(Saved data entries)
_ _ _
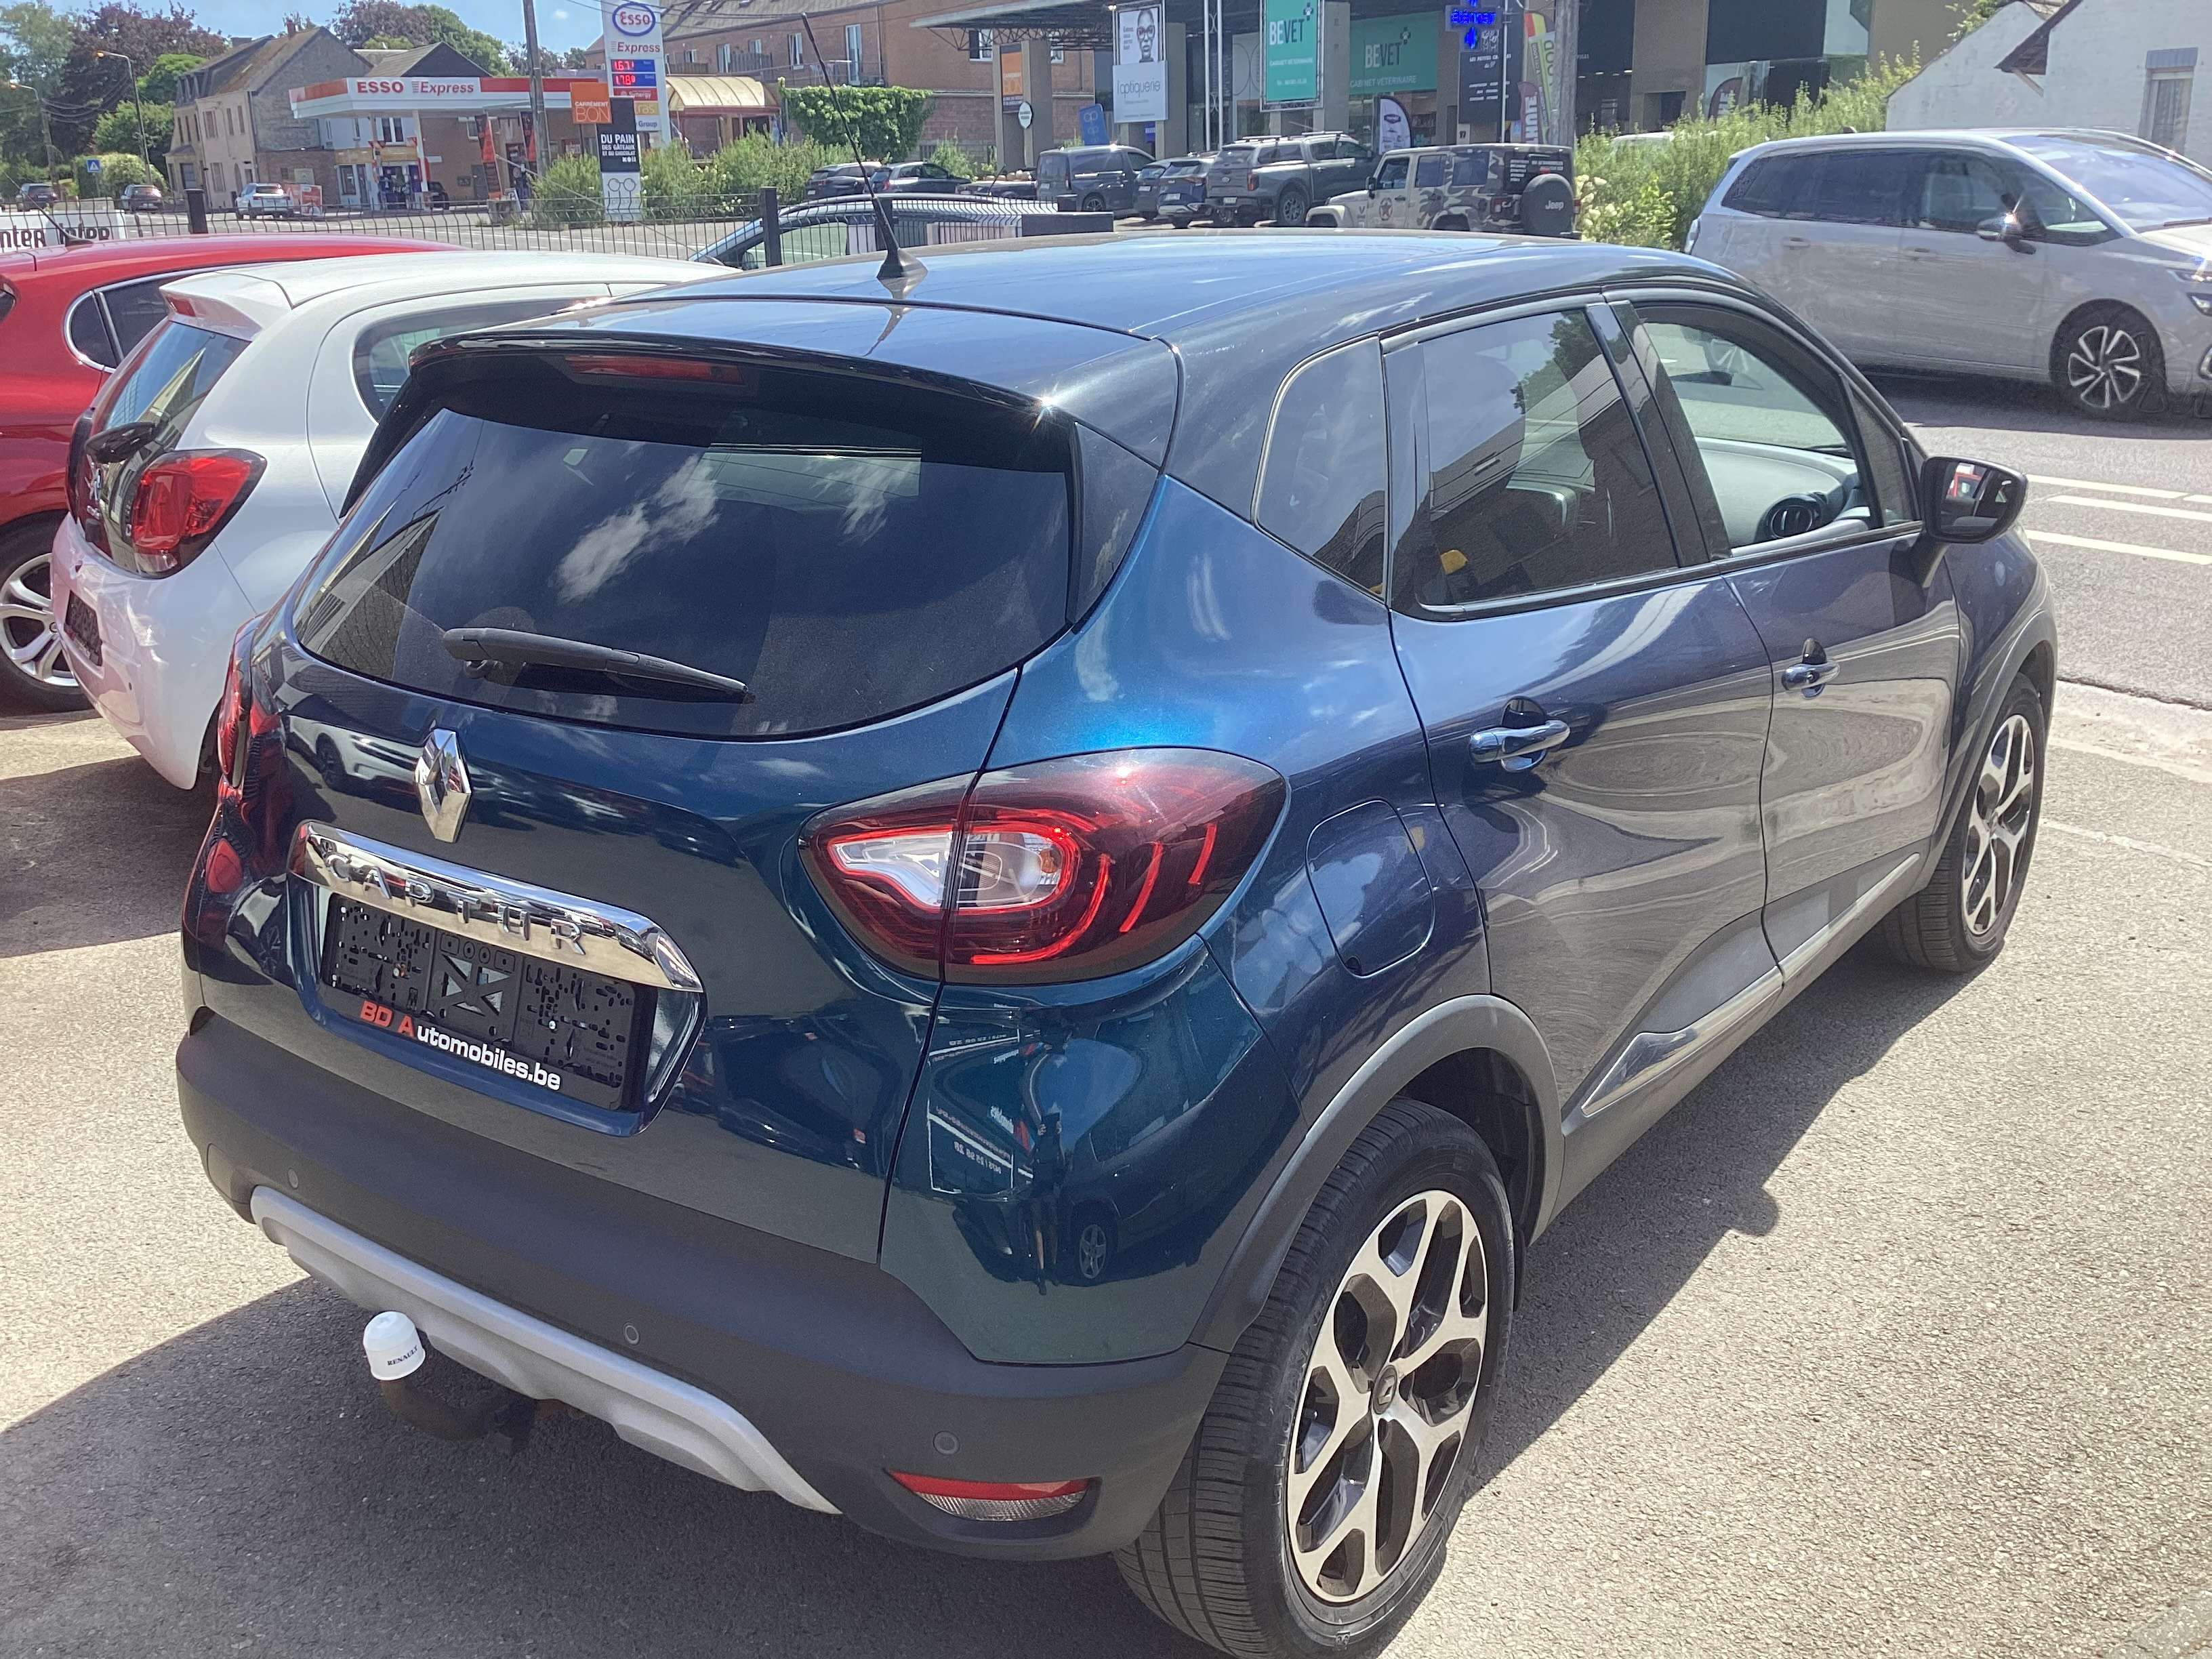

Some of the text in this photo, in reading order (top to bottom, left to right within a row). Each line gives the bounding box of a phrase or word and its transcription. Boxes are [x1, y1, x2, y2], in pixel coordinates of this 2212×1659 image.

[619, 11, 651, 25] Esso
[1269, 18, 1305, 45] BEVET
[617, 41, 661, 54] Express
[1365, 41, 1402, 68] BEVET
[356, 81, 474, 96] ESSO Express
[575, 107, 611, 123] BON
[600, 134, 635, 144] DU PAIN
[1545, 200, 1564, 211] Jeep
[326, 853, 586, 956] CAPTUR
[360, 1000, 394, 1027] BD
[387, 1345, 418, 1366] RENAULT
_ _ _
Work order: Exclude the pictures and print the rest of the data exactly.

Written solution:
Some of the text in this photo, in reading order (top to bottom, left to right within a row). Each line gives the bounding box of a phrase or word and its transcription. Boxes are [x1, y1, x2, y2], in pixel coordinates of this 2212×1659 image.

[619, 11, 651, 25] Esso
[1269, 18, 1305, 45] BEVET
[617, 41, 661, 54] Express
[1365, 41, 1402, 68] BEVET
[356, 81, 474, 96] ESSO Express
[575, 107, 611, 123] BON
[600, 134, 635, 144] DU PAIN
[1545, 200, 1564, 211] Jeep
[326, 853, 586, 956] CAPTUR
[360, 1000, 394, 1027] BD
[387, 1345, 418, 1366] RENAULT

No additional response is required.